**Task statement:**
Omit the images and return the remaining entries unchanged.
####
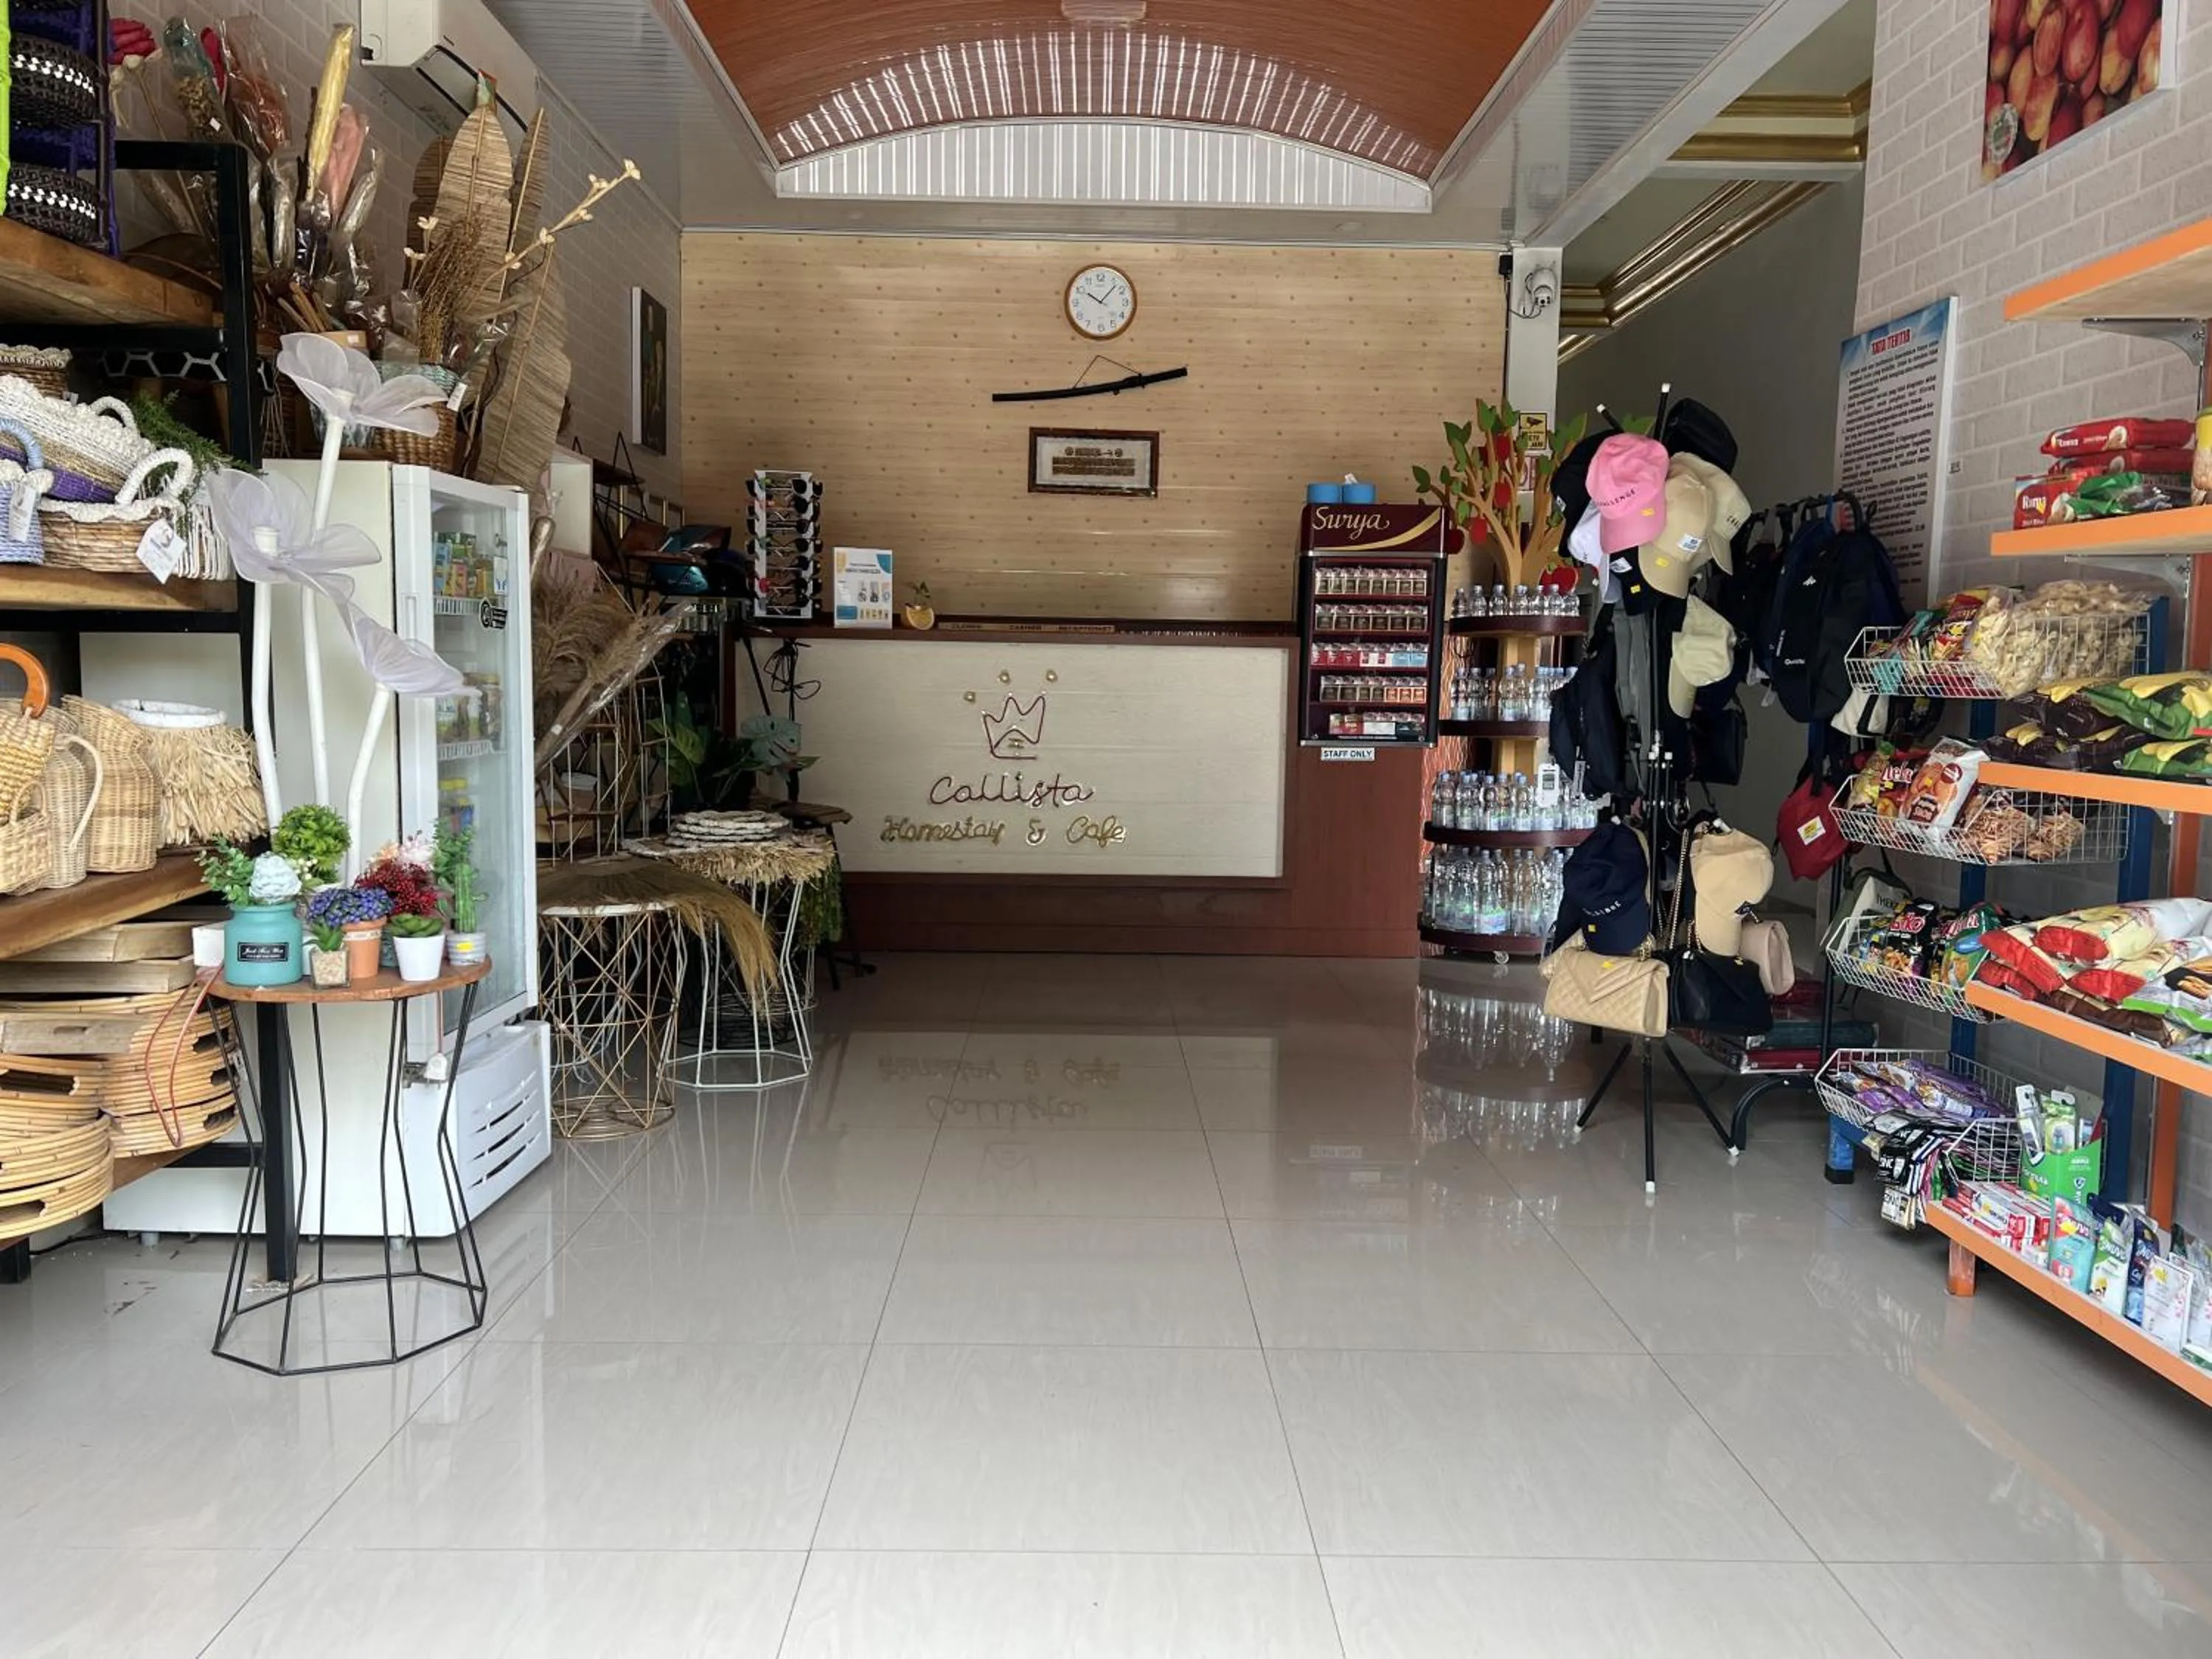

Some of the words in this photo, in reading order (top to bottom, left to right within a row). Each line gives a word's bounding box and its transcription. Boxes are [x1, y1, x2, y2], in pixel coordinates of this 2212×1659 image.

[1096, 273, 1105, 282] 12
[1312, 507, 1390, 540] Surya
[1350, 750, 1372, 758] ONLY
[929, 773, 1094, 808] Callista
[880, 815, 1005, 846] Homestay
[1066, 814, 1127, 847] Cafe
####
**Solved exercise:**
Some of the words in this photo, in reading order (top to bottom, left to right within a row). Each line gives a word's bounding box and its transcription. Boxes are [x1, y1, x2, y2], in pixel coordinates of this 2212×1659 image.

[1096, 273, 1105, 282] 12
[1312, 507, 1390, 540] Surya
[1350, 750, 1372, 758] ONLY
[929, 773, 1094, 808] Callista
[880, 815, 1005, 846] Homestay
[1066, 814, 1127, 847] Cafe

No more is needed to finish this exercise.